[Opening Data section]

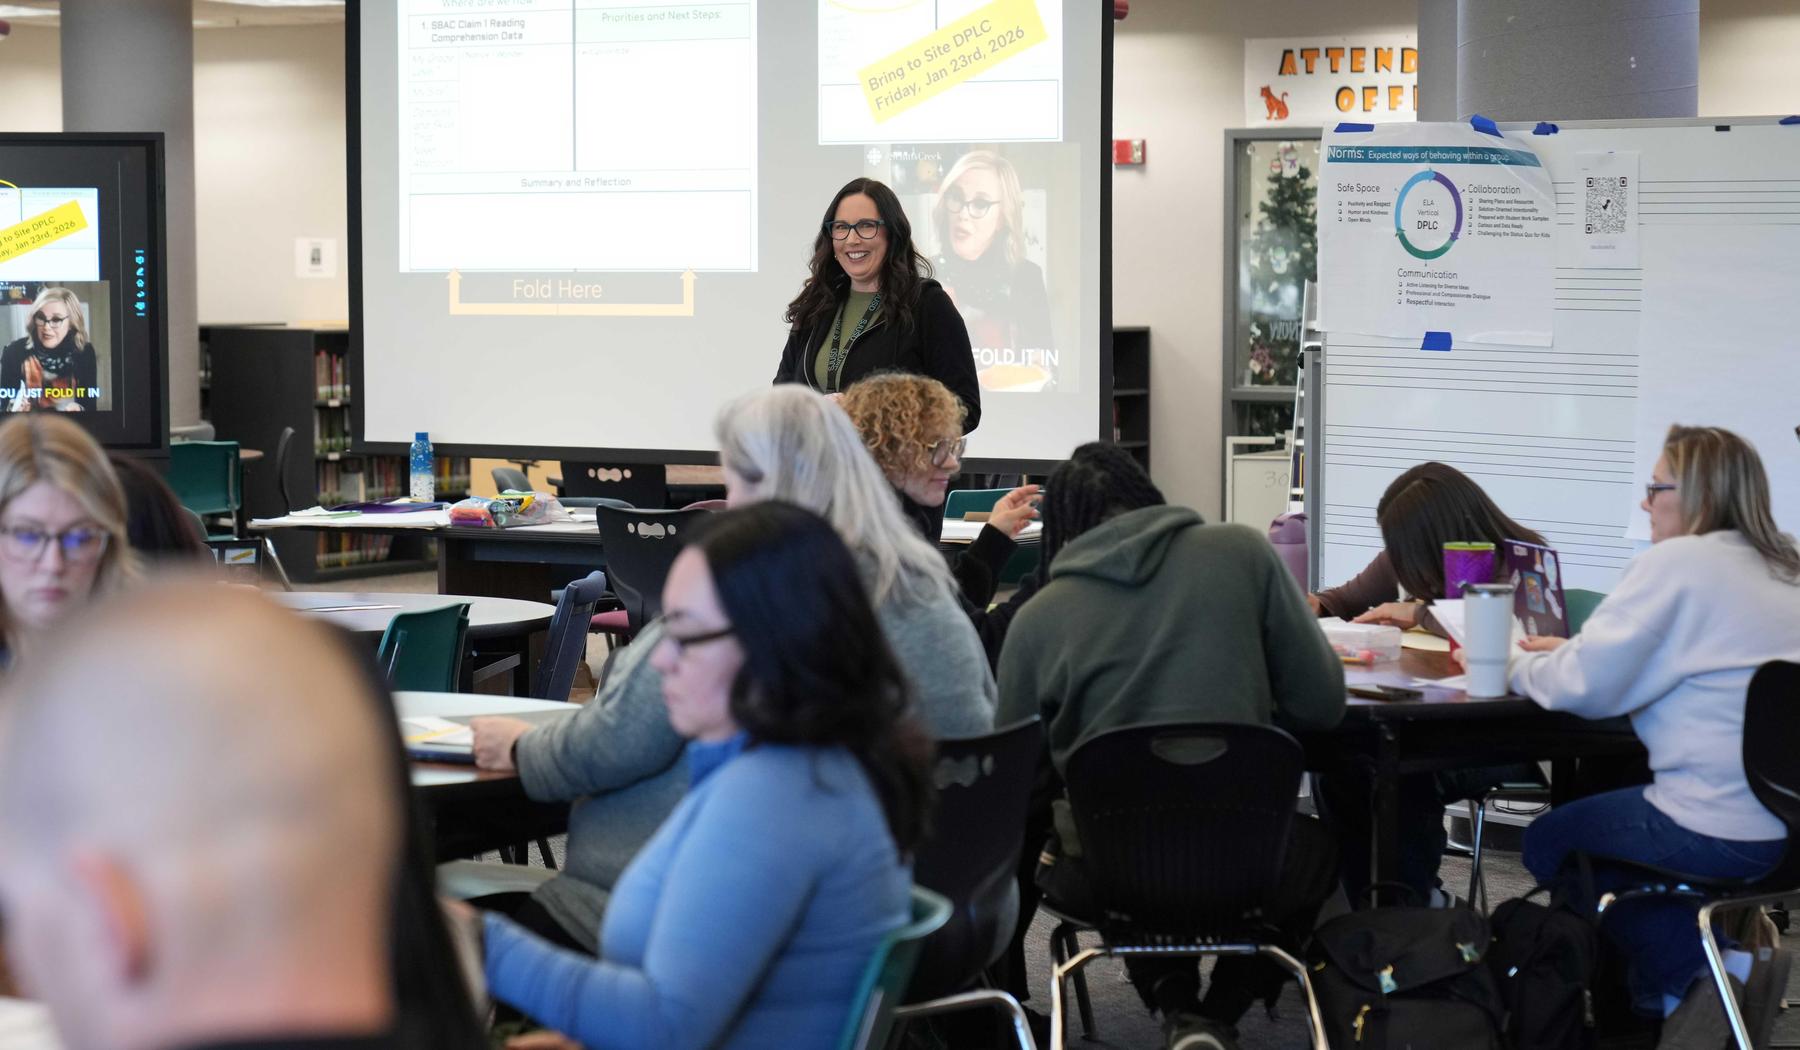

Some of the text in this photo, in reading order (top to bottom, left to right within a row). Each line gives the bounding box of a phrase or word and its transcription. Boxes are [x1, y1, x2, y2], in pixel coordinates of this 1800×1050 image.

[601, 11, 645, 22] Priorities
[647, 11, 666, 21] and
[668, 10, 690, 20] Next
[431, 20, 456, 30] SBAC
[458, 19, 482, 29] Claim
[490, 18, 526, 29] Reading
[431, 31, 524, 43] Comprehension Data
[867, 19, 992, 91] Bring to Site DPLC
[875, 26, 1025, 111] Friday, Jan 23rd, 2026
[1328, 147, 1365, 159] Norms:
[1368, 150, 1401, 160] Expected
[1402, 152, 1420, 161] ways
[1420, 151, 1428, 159] of
[1429, 151, 1462, 161] behaving
[1463, 151, 1483, 160] within
[521, 177, 632, 188] Summary and Reflection
[1337, 182, 1380, 194] Safe Space
[1468, 183, 1521, 194] Collaboration
[1374, 200, 1391, 208] Respect
[4, 235, 13, 244] to
[14, 227, 31, 239] Site
[31, 215, 56, 231] DPLC
[1417, 220, 1438, 230] DPLC
[15, 239, 30, 251] Jan
[30, 231, 53, 244] 23rd,
[53, 220, 76, 234] 2026
[1397, 267, 1458, 279] Communication
[512, 279, 602, 299] Fold Here
[1406, 297, 1433, 306] Respectful
[1021, 348, 1035, 367] IT
[1040, 348, 1059, 367] IN
[44, 387, 74, 399] FOLD
[76, 387, 86, 398] IT
[88, 387, 100, 399] IN

[Closing Data section]

-- Activity --
Take every entry above and transcribe it exactly, with no pictures in the copy.

-- Answer to this task --
Some of the text in this photo, in reading order (top to bottom, left to right within a row). Each line gives the bounding box of a phrase or word and its transcription. Boxes are [x1, y1, x2, y2], in pixel coordinates of this 1800×1050 image.

[601, 11, 645, 22] Priorities
[647, 11, 666, 21] and
[668, 10, 690, 20] Next
[431, 20, 456, 30] SBAC
[458, 19, 482, 29] Claim
[490, 18, 526, 29] Reading
[431, 31, 524, 43] Comprehension Data
[867, 19, 992, 91] Bring to Site DPLC
[875, 26, 1025, 111] Friday, Jan 23rd, 2026
[1328, 147, 1365, 159] Norms:
[1368, 150, 1401, 160] Expected
[1402, 152, 1420, 161] ways
[1420, 151, 1428, 159] of
[1429, 151, 1462, 161] behaving
[1463, 151, 1483, 160] within
[521, 177, 632, 188] Summary and Reflection
[1337, 182, 1380, 194] Safe Space
[1468, 183, 1521, 194] Collaboration
[1374, 200, 1391, 208] Respect
[4, 235, 13, 244] to
[14, 227, 31, 239] Site
[31, 215, 56, 231] DPLC
[1417, 220, 1438, 230] DPLC
[15, 239, 30, 251] Jan
[30, 231, 53, 244] 23rd,
[53, 220, 76, 234] 2026
[1397, 267, 1458, 279] Communication
[512, 279, 602, 299] Fold Here
[1406, 297, 1433, 306] Respectful
[1021, 348, 1035, 367] IT
[1040, 348, 1059, 367] IN
[44, 387, 74, 399] FOLD
[76, 387, 86, 398] IT
[88, 387, 100, 399] IN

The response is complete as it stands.